There are some potential limitations that need to be acknowledged in our study. Firstly, this was a retrospective analysis based on the SEER database, among which the recruited patients were predominantly white race. There may be potential racial heterogeneity. Secondly, several factors that are closely related to prognosis are not available in the SEER database, such as tumor markers (CEA, CA 199), surgery details (surgical approach, lymphadenectomy extent, digestive tract reconstruction) and follow-up treatment (radiotherapy, and chemotherapy). Thirdly, we did not build a nomogram to predict cancer-specific survival (CSS) of elderly GC patients. It is important to note that gastric cancer is not the only factor affecting prognosis in this population group.
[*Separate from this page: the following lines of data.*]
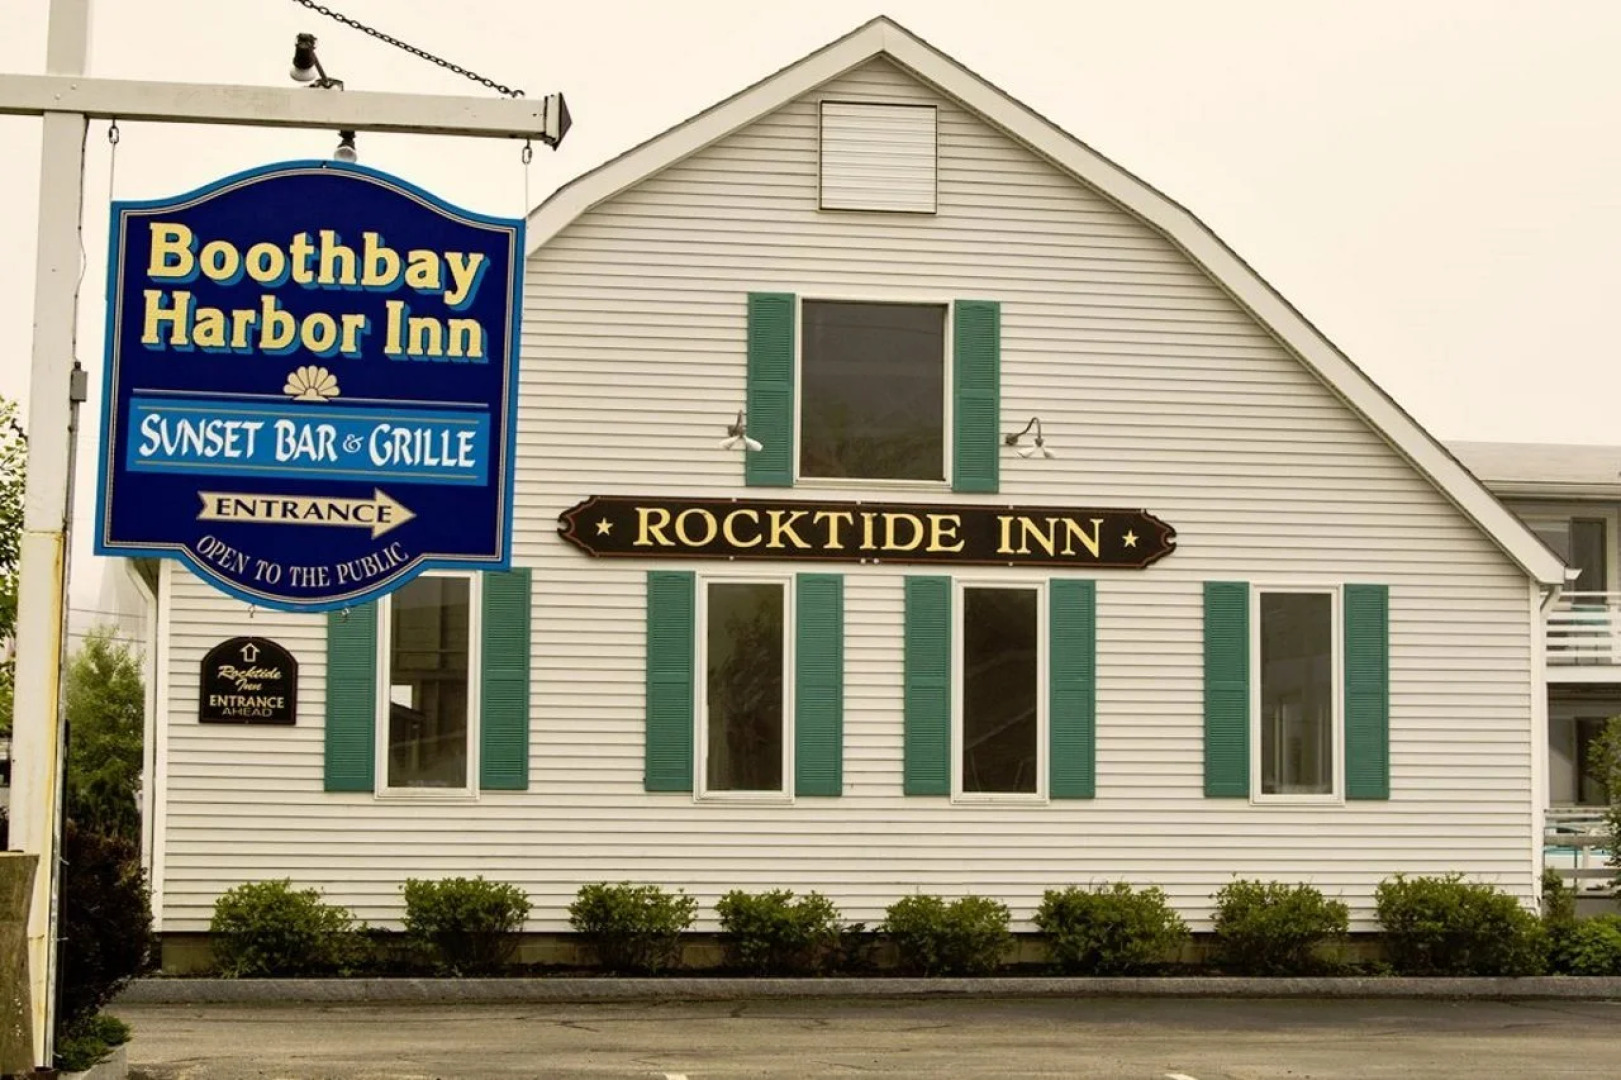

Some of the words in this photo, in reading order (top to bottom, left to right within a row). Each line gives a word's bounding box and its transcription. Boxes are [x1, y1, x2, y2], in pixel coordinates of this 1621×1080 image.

[147, 222, 487, 307] Boothbay
[141, 289, 367, 356] Harbor
[384, 300, 487, 360] Inn
[139, 413, 265, 459] SUNSET
[274, 419, 338, 462] BAR
[343, 433, 365, 453] &
[369, 423, 477, 468] GRILLE
[216, 498, 392, 524] ENTRANCE
[633, 507, 965, 553] ROCKTIDE
[996, 515, 1103, 557] INN
[197, 534, 249, 574] OPEN
[253, 559, 281, 585] TO
[289, 566, 330, 587] THE
[337, 541, 409, 582] PUBLIC
[218, 665, 282, 680] Rocktide
[209, 694, 285, 709] ENTRANCE
[222, 707, 273, 717] AHEAD
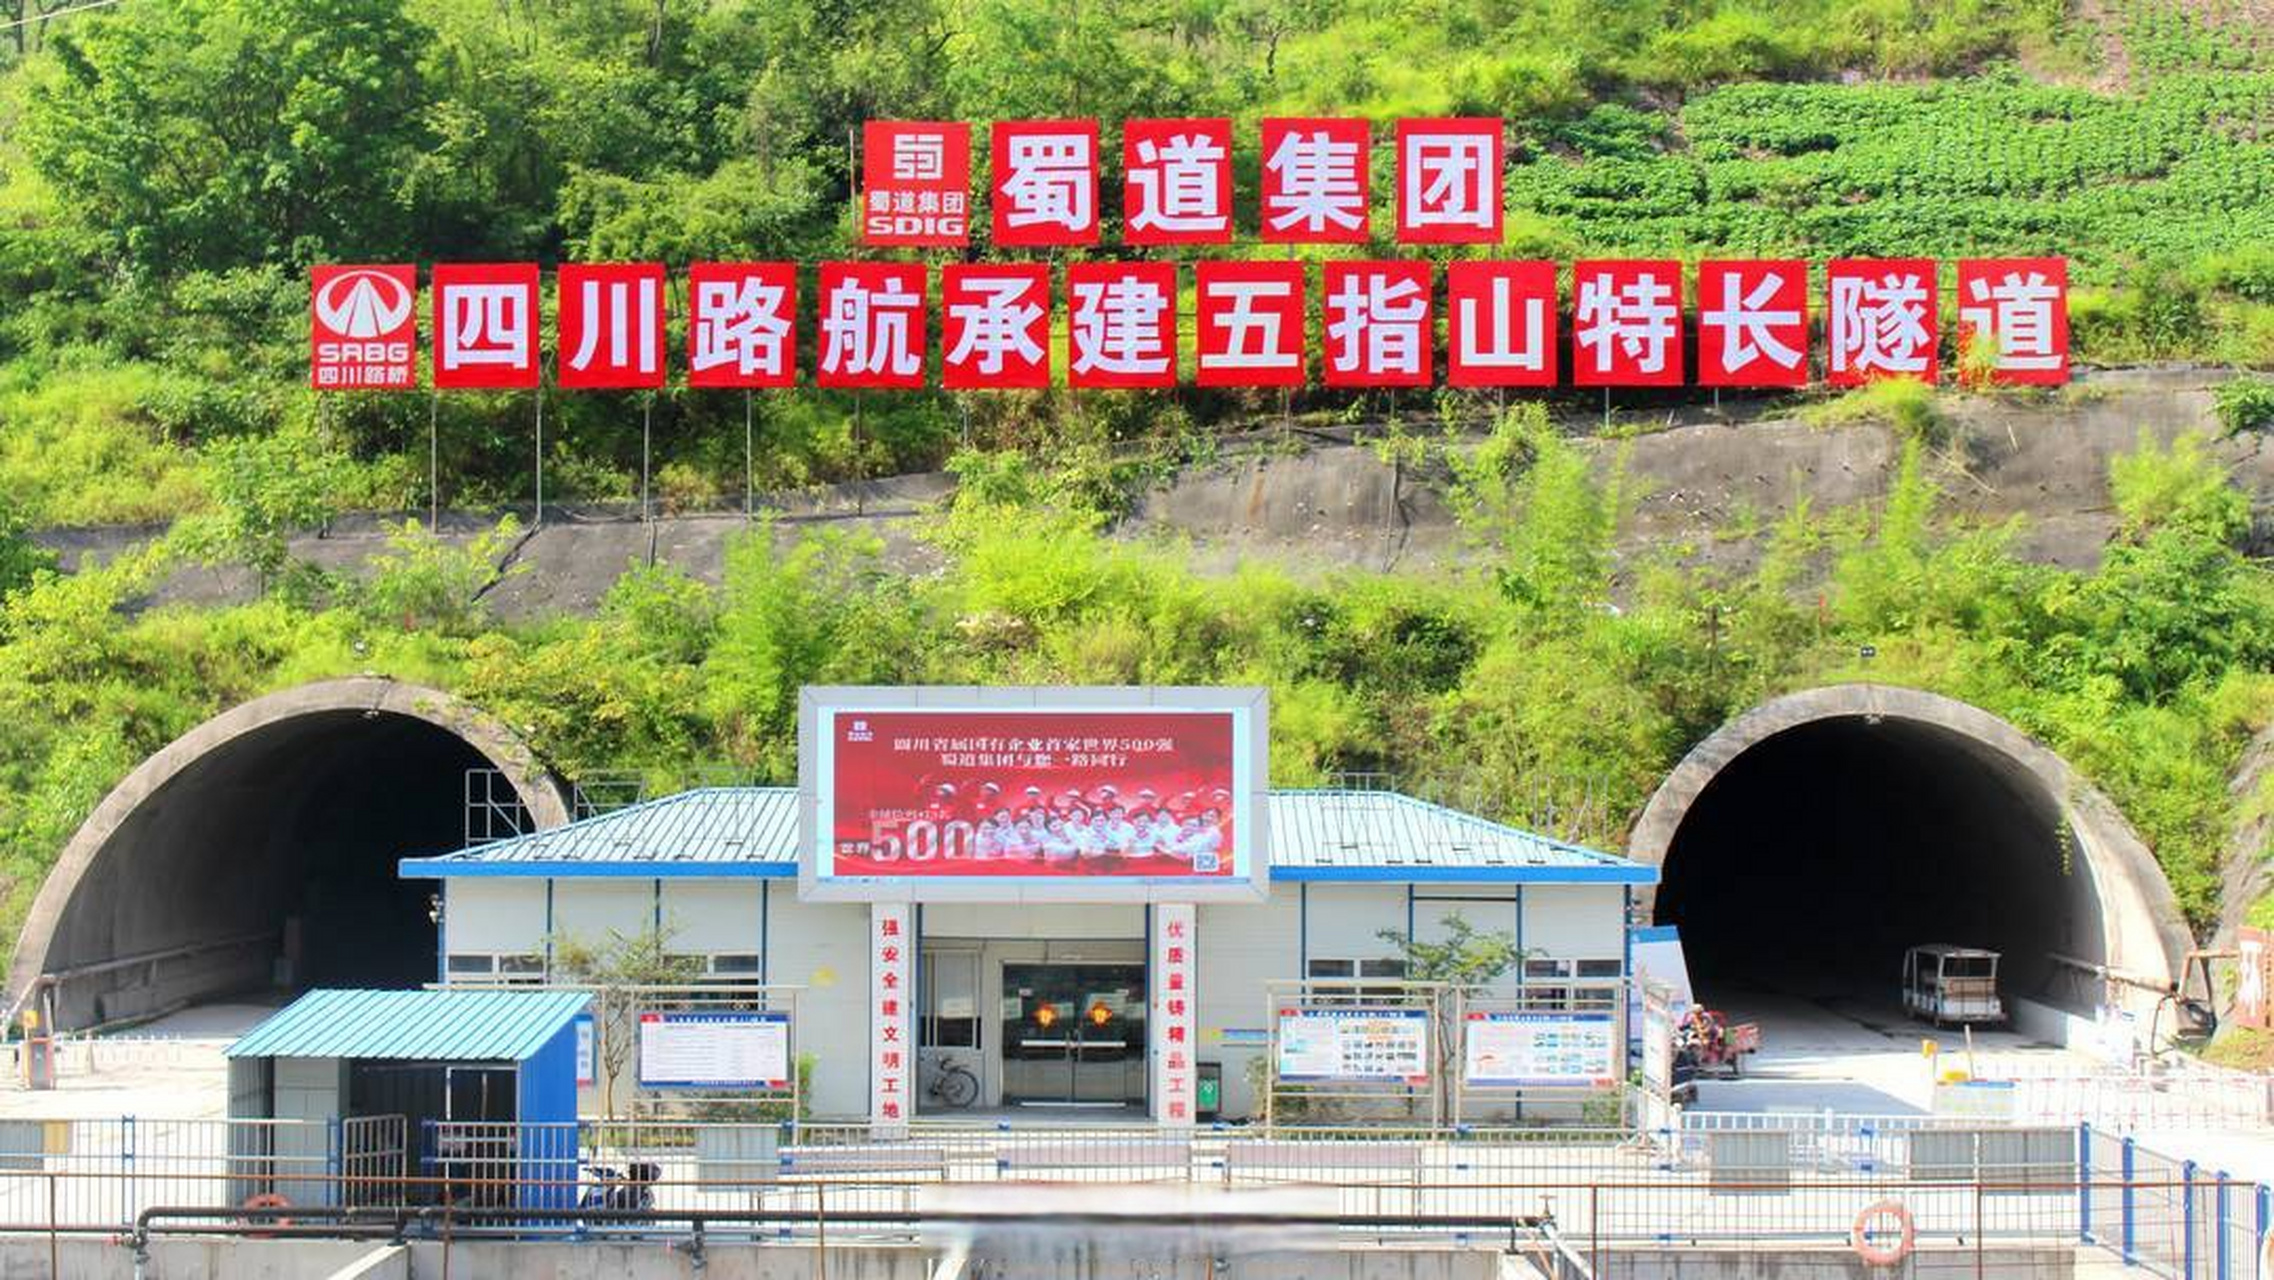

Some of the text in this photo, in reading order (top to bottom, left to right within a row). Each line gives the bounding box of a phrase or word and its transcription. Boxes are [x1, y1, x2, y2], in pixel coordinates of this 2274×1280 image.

Deaths due to other comorbidities account for 34%-37% of the total deaths in GC patients over eighty years . Fourthly, some patients with missing data were excluded from the development and the validation sets, which may lead to selection bias.
In conclusion, we developed and validated a nomogram to predict 3- and 5-year survival rate of elderly GC patients based on a large sample cohort, which could improve the performance of the AJCC staging system. This might be extremely beneficial in assisting the prediction of survival and formulating individualized treatment protocols for elderly GC patients.